A Personal Memoir
I was twenty-one years old, fresh out of St. Stephen’s College, and I had already crossed the Himalayas on foot. Mont Blanc, I told myself, was practically a day trip.
That summer I was three weeks into a three-month circuit of Europe on a Eurail pass and five hundred dollars — money rationed like water in a desert. I had just been admitted to law school. But before the law could claim me, I had unfinished business with mountains.
I had earned that right. In 1974, on the White Sail expedition, I had climbed to 5,000 metres in the Himalaya. The following year, as Deputy Leader of the Lahul-Zanskar expedition, I had led a group from Manali to Kargil over Rohtang La, Shingo La and Pensi La — more than a month of serious high-altitude crossings with mules through genuinely dangerous terrain. On the top of Shingo La, at 18,000 feet, a snow leopard had killed one of our mules in the night. I had seen what mountains could do. Mont Blanc was 4,808 metres. I had been higher. I rolled into Chamonix with the quiet confidence of someone who does not yet know what he does not know.

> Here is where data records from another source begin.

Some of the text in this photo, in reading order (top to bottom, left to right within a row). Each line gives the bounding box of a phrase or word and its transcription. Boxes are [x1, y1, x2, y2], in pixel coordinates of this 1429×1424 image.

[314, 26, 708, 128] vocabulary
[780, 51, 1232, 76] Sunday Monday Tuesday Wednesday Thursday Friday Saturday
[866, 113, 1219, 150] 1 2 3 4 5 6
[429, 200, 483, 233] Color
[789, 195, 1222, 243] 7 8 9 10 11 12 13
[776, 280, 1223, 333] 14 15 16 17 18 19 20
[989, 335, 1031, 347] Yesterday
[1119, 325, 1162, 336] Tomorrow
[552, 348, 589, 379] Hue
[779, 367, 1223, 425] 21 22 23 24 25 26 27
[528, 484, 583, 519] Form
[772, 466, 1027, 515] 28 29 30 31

What I needed was the basics: ice axe, boots, crampons, one jacket. I planned to climb in my jeans. At the gear shop I met Randy Jones from Colorado, who was planning the same climb the next morning. Then a Dutch father and his teenage son appeared with identical plans. The four of us looked at each other with the natural recognition of people heading to the same place, bought a rope between us, sorted a few essentials, and made our plan. We had known each other for perhaps an hour.
The Dutch father had watched with quiet amusement as I assembled my kit — ice axe, crampons, one jacket, and a plan to climb in jeans. He said nothing. He had been on enough mountains to know what that meant, and perhaps he assumed I would find out for myself.

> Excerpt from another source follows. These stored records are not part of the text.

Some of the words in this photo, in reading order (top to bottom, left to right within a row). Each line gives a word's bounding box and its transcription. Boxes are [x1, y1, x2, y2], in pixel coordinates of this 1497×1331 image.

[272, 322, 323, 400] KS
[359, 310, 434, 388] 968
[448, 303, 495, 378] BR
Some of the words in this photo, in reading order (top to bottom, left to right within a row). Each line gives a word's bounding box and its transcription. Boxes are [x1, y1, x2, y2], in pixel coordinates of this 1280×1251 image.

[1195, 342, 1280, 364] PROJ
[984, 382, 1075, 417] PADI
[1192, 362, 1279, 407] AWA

The next morning we took the cable car and then the rack railway, and from the upper station walked straight toward the Goûter Hut, a small distant shape on the ridge ahead. We arrived in time for dinner. The price for the night nearly finished me — on my budget, the refuge fee was a serious assault. I paid it, wincing.
But the evening had something in store.
The Dutch teenager had altitude sickness. Not mild discomfort — the real thing. He sat pale and miserable at the dinner table and announced with total finality that he was going nowhere. He had been dragged on these expeditions by his father for years and he was done. He wanted no part of Mont Blanc, or any other mountain, ever again. His father was mortified.
And then, quietly, things began to fall into place: this sullen, grounded, altitude-flattened Dutch teenager was exactly my size.
He lent me everything. Thermals, proper mountaineering trousers, gloves, the lot. I had arrived in Chamonix planning to climb in jeans and left the hut better equipped than anyone on the rope. I accepted this without much analysis. Sometimes things just work out.
At one in the morning we left — Randy, the Dutch father, and I — moving in silence up the snowfields, headlamps cutting small cones of light into the dark. The valley had disappeared beneath cloud. Above us the stars were extraordinary, the way they only are at altitude — not decorative but structural, as if holding the sky in place.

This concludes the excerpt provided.